In short, that’s a lot. And credit should be given to these writers that they managed to remember all these plot threads and effectively tie all of them up in a neat little bow, perhaps too neat and in a very rushed fashion. It also didn’t help that the show, by its fifth episode, felt like it was running out of steam and was moving round in circles. The complaint of Season 1 of Picard’s being a guest star in his own show was still evident here, though the plot thread of his past and his relationship with Guinan, another Next Generation alumni, take up a lot of time. “Star Trek Picard” Season 2 proves that the efforts to serialize and make every season into a big complete epic, one with high stakes, is a hard task to accomplish. In the case of Star Trek, sometimes an approach to basics would be the best option, because Star Trek as a franchise is far more interested in exploration, in adventure, and at its best in philosophical and existential debates regarding humanity. Sure that is against the ethos of Star Trek to chart something new, but looking at Nu-Trek’s efforts, it is better to replicate basics and learn from there. At times in the rigmarole of the plot in “Star Trek: Picard” Season 2, you miss the soul of Star Trek. Star Trek has always been about extremely capable men and women at the top of their respective fields coming together to solve interesting, silly, and extremely incomprehensible problems, all in the auspices of a workplace drama that also mixes high-octane adventure and sci-fi weirdness. Emotional outbursts and soap-operatic exclamations, non-subtle expressions of innermost thoughts, or expressing those emotional, cathartic moments in self-important, pretentious double-speak, are very antithetical to Star Trek, but these are the bane of Nu-Trek’s existence, and Picard sadly hasn’t discarded them very effectively.

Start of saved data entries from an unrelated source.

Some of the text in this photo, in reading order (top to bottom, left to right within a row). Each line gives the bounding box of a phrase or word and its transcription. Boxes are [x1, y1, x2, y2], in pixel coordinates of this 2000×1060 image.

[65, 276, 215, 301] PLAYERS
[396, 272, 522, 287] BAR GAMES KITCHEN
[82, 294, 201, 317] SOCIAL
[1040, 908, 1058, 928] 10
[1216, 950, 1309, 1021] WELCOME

It’s a shame because the actors are giving it their all, elevating the mediocre writing to far better heights than given ample credit. Patrick Stewart is still as reliable as ever, but Allison Pill as Jurati and later as the possessed Borg Queen surprises you. She manages to differentiate the two sides of her personality very effectively. Similarly, Santiago Cabrera as Rios is very charming with his roguish self, his plot thread being predictable and running out of steam by the fourth episode notwithstanding. John De Lancie as Q is a far more violent version of the playful omnipotent being, but you can see shades of the old character within, and it is a joy to watch Stewart and De Lancie interact again. The same with Stewart and Goldberg as Guinan. Brent Spiner as Dr. Adam Soong is having a ball hamming it up as the secondary antagonist of the show, whose credits to the near future of Star Trek are far more sinister than we have come to expect.

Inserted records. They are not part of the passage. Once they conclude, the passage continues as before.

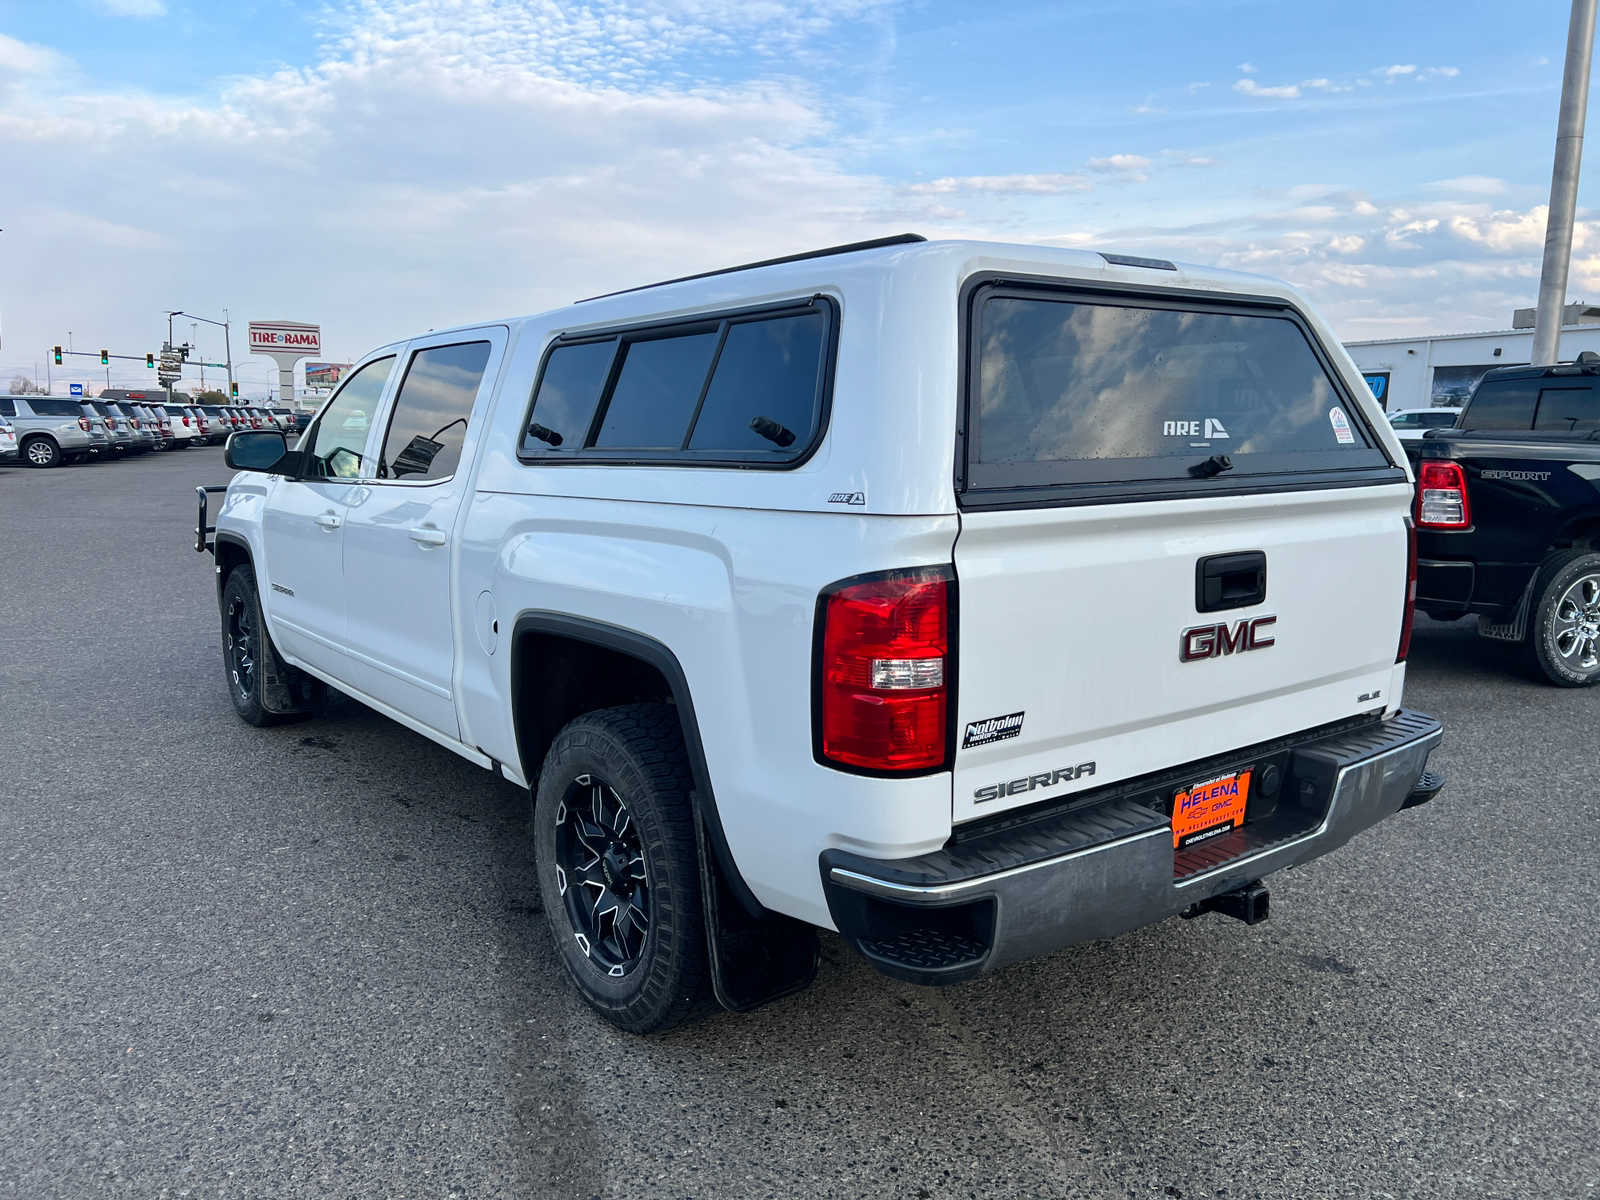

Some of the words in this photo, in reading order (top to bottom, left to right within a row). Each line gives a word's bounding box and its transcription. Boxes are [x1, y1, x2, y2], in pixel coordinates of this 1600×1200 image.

[251, 332, 277, 343] TIRE
[284, 334, 318, 345] RAMA
[1163, 421, 1200, 436] ARE
[1480, 469, 1552, 481] SPORT
[1179, 614, 1277, 663] GMC
[974, 761, 1096, 804] SIERRA
[1181, 782, 1239, 814] HELENA
[1211, 798, 1233, 812] GMC

It’s not a question of whether Star Trek as a franchise has become so radioactive it is unwatchable. Far from it, but it is a franchise whose DNA lies in its procedural roots and in methodical storytelling, with deeper themes underlying the present world view with varying levels of subtlety. More importantly, it is not a grimdark, violent action sci-fi akin to a military sci-fi property like Halo or even The Expanse. Trek is distinctive in its own right, and by revamping it to fit the mold of “not your daddy’s Star Trek,” it has run perilously close to losing its distinctive identity. While “Star Trek: Picard” Season 2 is definitely not as bad as the first season, with moments and important plot developments reverberating throughout the franchise, it is still nowhere near the best of what the older Star Trek TV shows and even the worst of the older movies had to offer. But I am a Star Trek fan, and optimism is my biggest flaw, so here’s hoping.
“Star Trek: Picard” is a 2020 Science Fiction Drama series streaming on Paramount+.